I recently read the article below in Guideposts and I loved it. Oh how, I can relate to that woman for I too, am one of those people that everyone loves to tell their troubles too. At work, if I see a strange car, I try to avoid eye contact for fear they are going to stop me and ask me for directions. Everyone always stops me and asks me for directions, advice, etc. Usually complete strangers. But now after reading this article, I thought she has a great view. Maybe I should do as she does and simply relay everyone’s troubles to God. I like that idea. They say everyone has a purpose in life-maybe that’s mine. Glad I found it, after 36 years. I could have saved some dough on college, too-I think I definitely missed my calling-I should have been a therapist. Enjoy!
“All Ears” by Genie Dickerson, Bellevue, WA.
Published in Guideposts April 2008
When folks look at me, it seems that all they see are my ears! I guess I'm just one of those people. Strangers come up to me and pour their hearts out. "I used to write books and teach college," a homeless man told me wistfully one day as I was walking to an ATM, "but part of my life is gone." I listened and nodded. That's me—always a shoulder to cry on.Once, a checker at the supermarket stopped in the middle of bagging my groceries to tell me her family wanted their own home, but couldn't afford it. "Prices are too high here," I agreed.Another clerk grumbled to me about her aching feet. Then one day she stepped out from behind the register to show me her new therapeutic shoes and get my opinion of them.

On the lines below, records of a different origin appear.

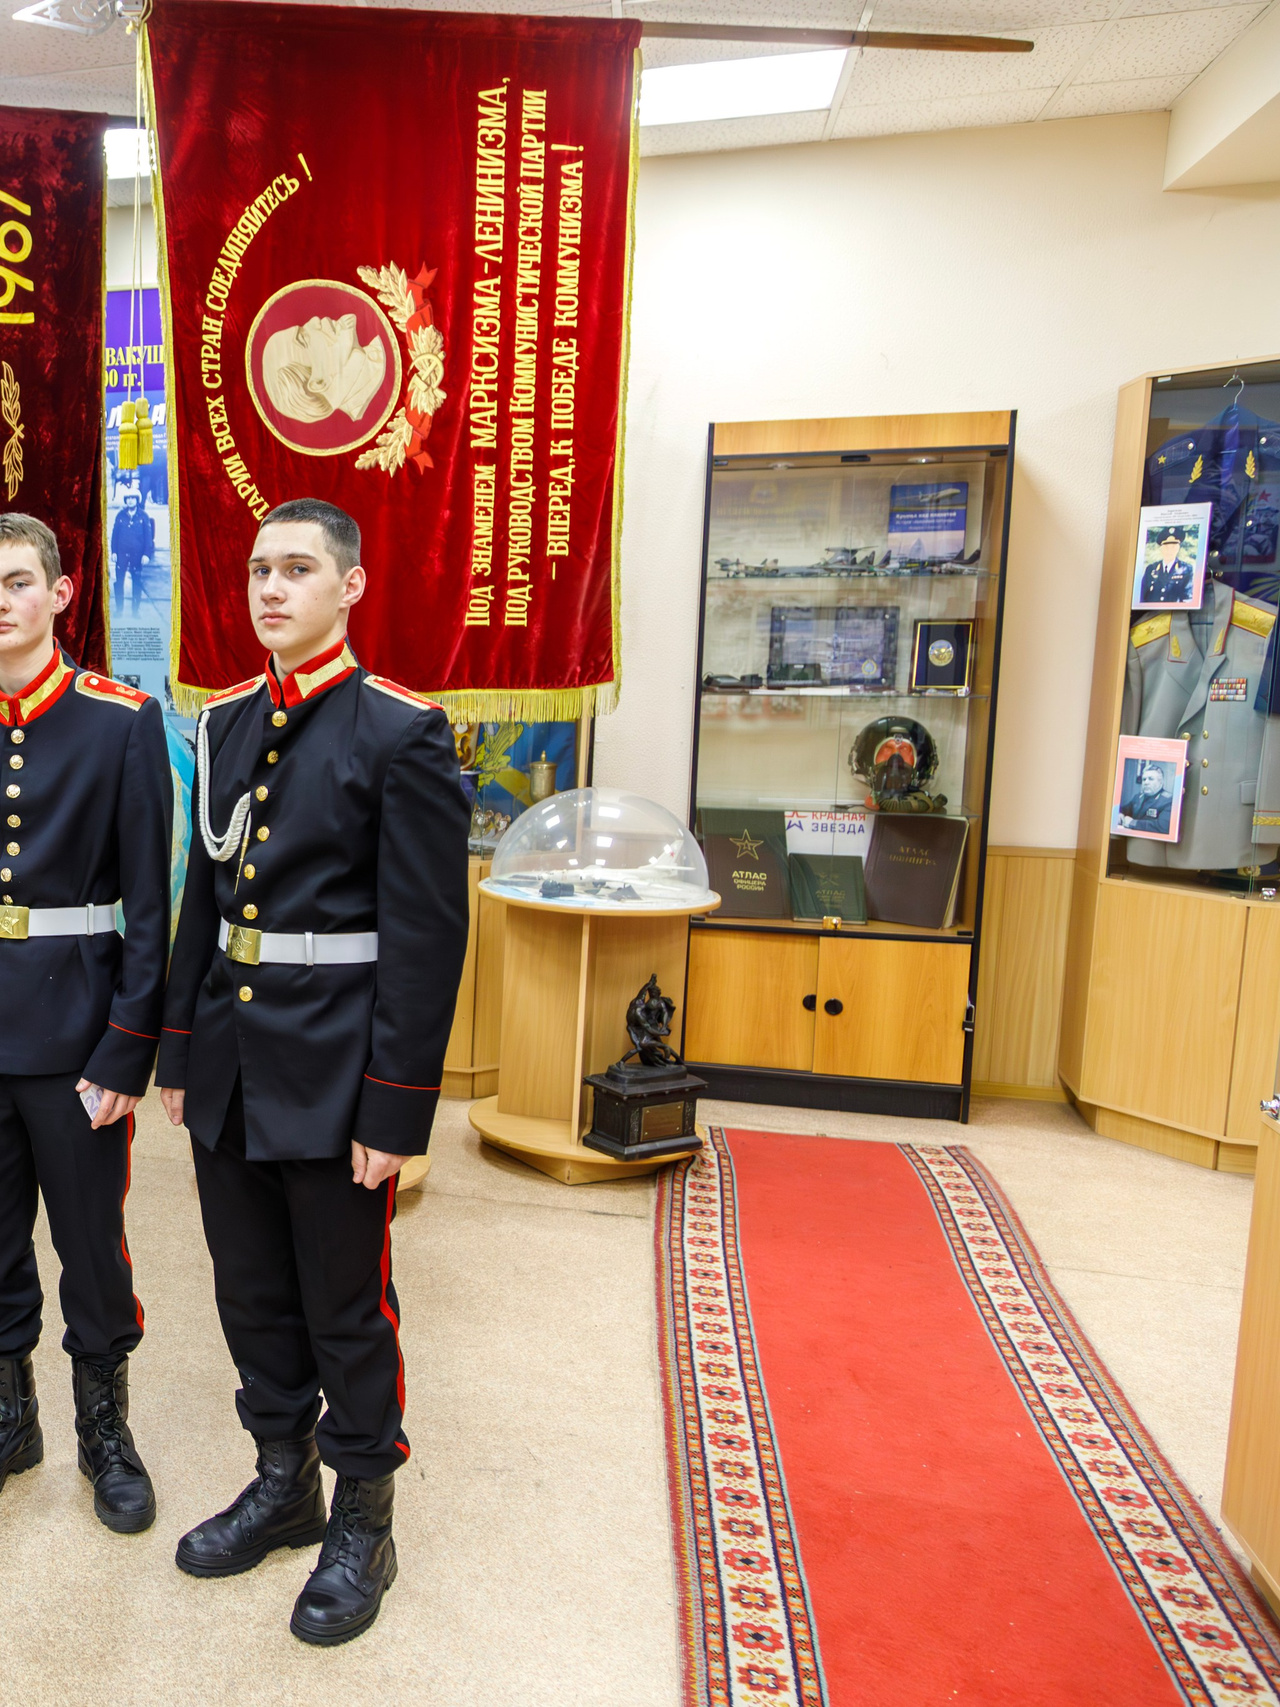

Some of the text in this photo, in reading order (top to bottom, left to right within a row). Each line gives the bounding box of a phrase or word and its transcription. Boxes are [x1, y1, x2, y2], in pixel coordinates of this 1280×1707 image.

[553, 160, 583, 329] КОММУНИЗМА
[505, 89, 547, 627] ПОД РУКОВОДСТВОМ КОММУНИСТИЧЕСКОЙ ПАРТИИ
[550, 337, 580, 430] ПОБЕДЕ
[206, 394, 236, 454] ВСЕХ
[471, 463, 496, 576] ЗНАМЕНЕМ
[465, 584, 495, 627] ПОД
[811, 822, 865, 835] ЗВЕЗДА
[812, 811, 866, 822] КРАСНАЯ
[732, 870, 767, 881] АТЛАС
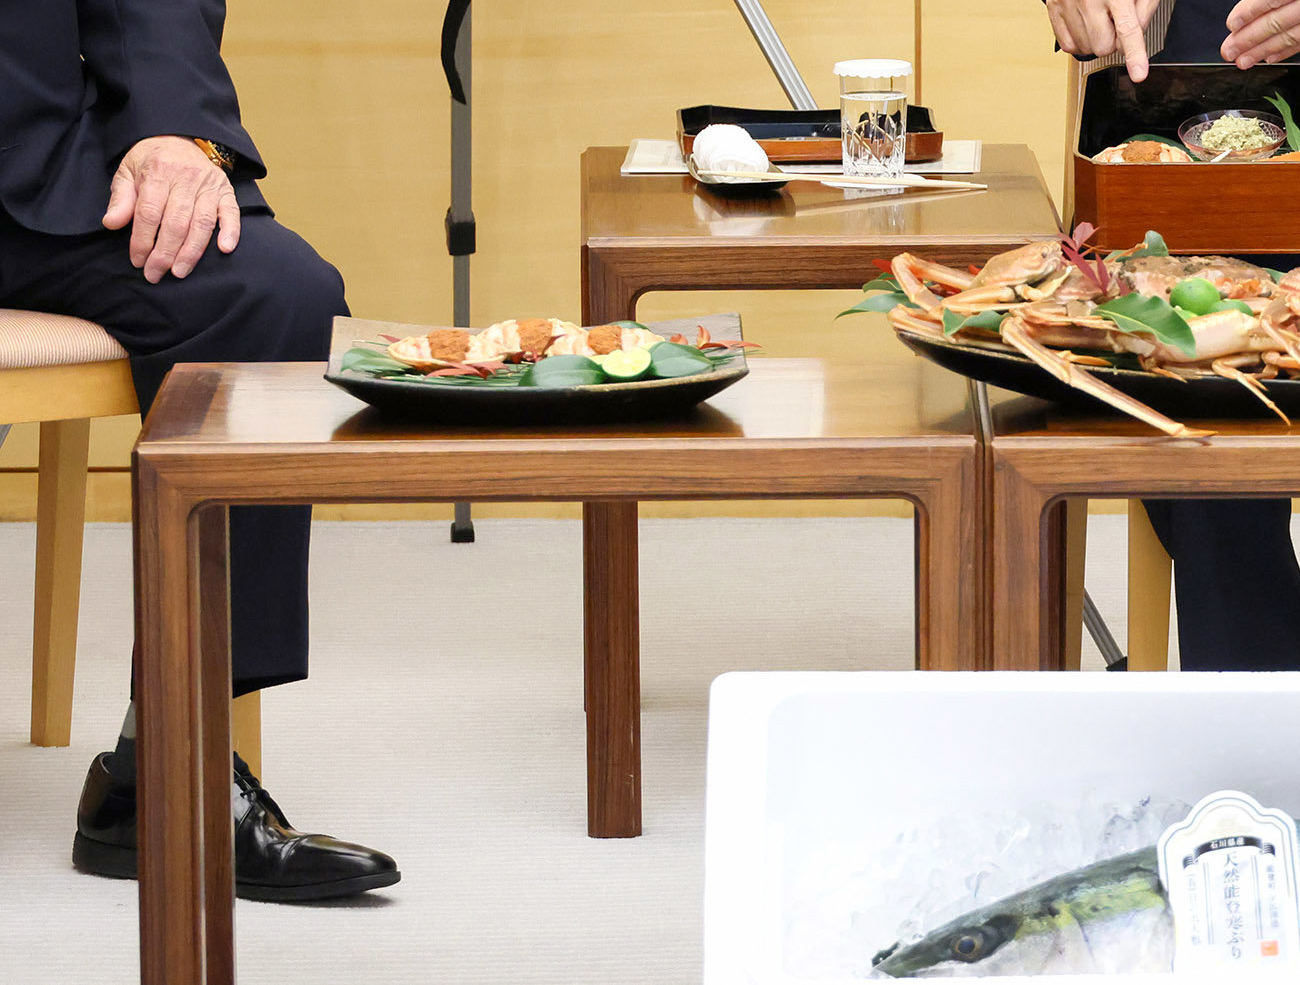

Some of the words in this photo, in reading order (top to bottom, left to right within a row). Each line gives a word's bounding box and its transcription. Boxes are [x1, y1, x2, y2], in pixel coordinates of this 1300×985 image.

Sometimes, after hearing everyone else's problems, I feel exhausted. Drained. I want to cry out, "Let me tell you about my family problems, health worries, money troubles for a change!"Not long ago, the owner of a local café took me aside. She told me her waitress' husband had recently died. I could see she was devastated and needed to talk. We did, for a long while.When I got home, I decided to pray. I always take my troubles straight to God. (He's the Great Listener.) I mentioned the café owner, the waitress and her family. And all the people I'd met. That's when it hit me: Maybe my job is to listen. Not to take on others' troubles, but to pass them on to the Lord, relay them up the line. I know that God will comfort those people as only he can. So now I look at myself in the mirror, and I don't notice my wrinkles, just my two big ears!Listening doesn't feel like a burden anymore. It feels like a privilege—even a blessing.